◆ Material shown

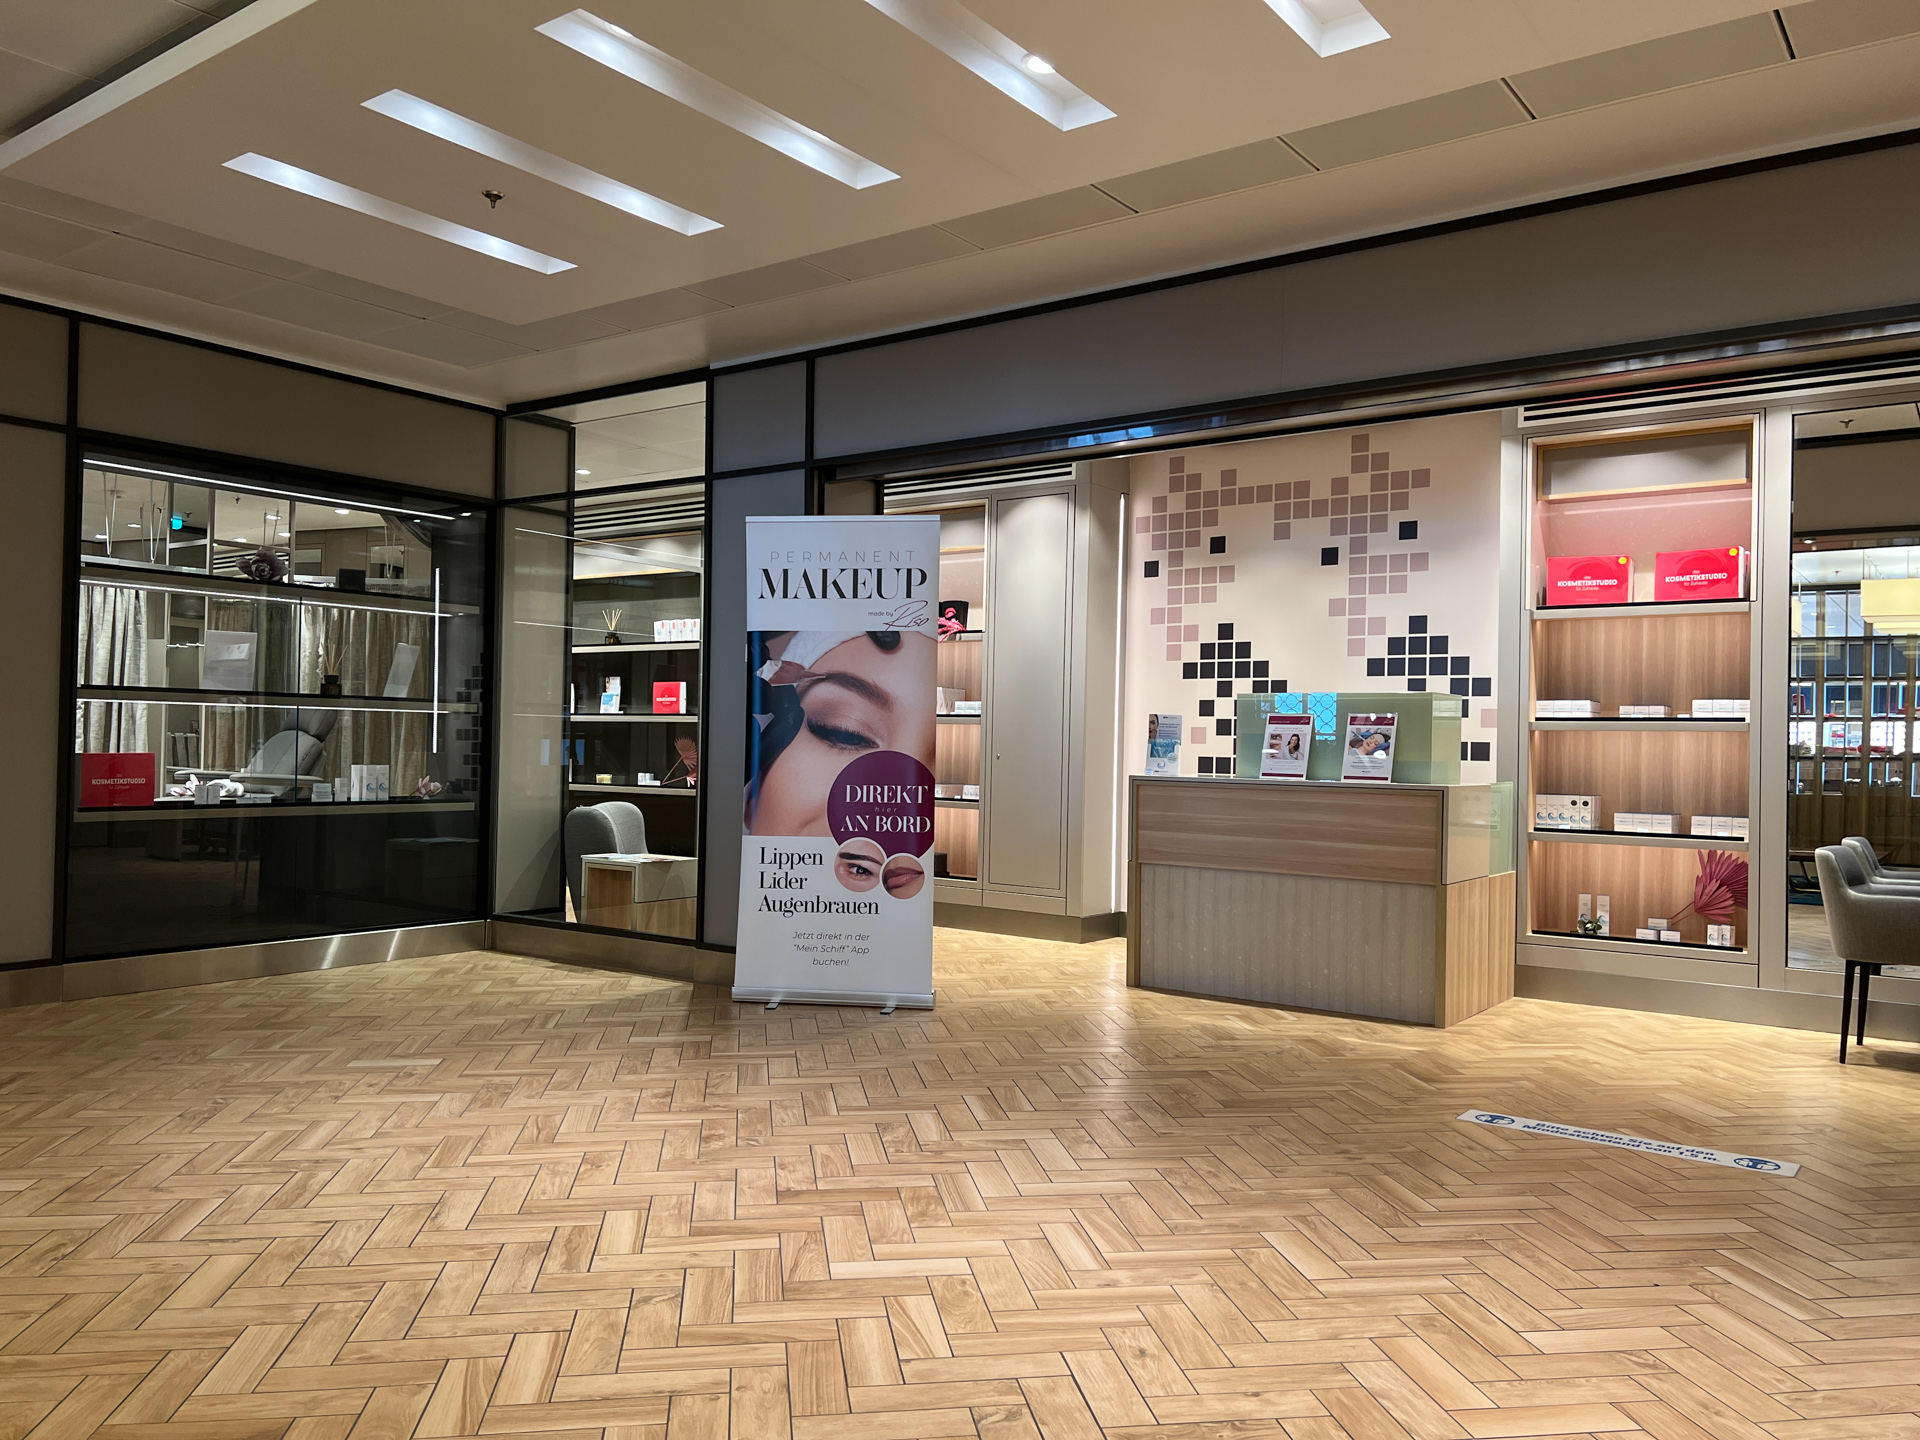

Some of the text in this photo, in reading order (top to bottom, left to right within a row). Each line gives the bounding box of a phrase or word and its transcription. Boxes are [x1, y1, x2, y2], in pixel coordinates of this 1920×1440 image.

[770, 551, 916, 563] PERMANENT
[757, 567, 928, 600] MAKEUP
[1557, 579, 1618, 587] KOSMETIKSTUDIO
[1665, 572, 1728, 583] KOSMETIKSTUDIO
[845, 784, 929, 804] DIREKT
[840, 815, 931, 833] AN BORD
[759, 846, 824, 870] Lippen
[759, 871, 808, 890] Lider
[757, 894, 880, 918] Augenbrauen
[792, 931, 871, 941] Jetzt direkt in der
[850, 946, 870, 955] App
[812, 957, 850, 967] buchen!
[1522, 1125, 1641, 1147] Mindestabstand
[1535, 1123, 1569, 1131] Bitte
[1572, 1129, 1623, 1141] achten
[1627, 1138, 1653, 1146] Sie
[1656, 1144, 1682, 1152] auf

◆ Directions
In copying the material, drop all pictures and keep everything else identical.

◆ Solution to this task
Some of the text in this photo, in reading order (top to bottom, left to right within a row). Each line gives the bounding box of a phrase or word and its transcription. Boxes are [x1, y1, x2, y2], in pixel coordinates of this 1920×1440 image.

[770, 551, 916, 563] PERMANENT
[757, 567, 928, 600] MAKEUP
[1557, 579, 1618, 587] KOSMETIKSTUDIO
[1665, 572, 1728, 583] KOSMETIKSTUDIO
[845, 784, 929, 804] DIREKT
[840, 815, 931, 833] AN BORD
[759, 846, 824, 870] Lippen
[759, 871, 808, 890] Lider
[757, 894, 880, 918] Augenbrauen
[792, 931, 871, 941] Jetzt direkt in der
[850, 946, 870, 955] App
[812, 957, 850, 967] buchen!
[1522, 1125, 1641, 1147] Mindestabstand
[1535, 1123, 1569, 1131] Bitte
[1572, 1129, 1623, 1141] achten
[1627, 1138, 1653, 1146] Sie
[1656, 1144, 1682, 1152] auf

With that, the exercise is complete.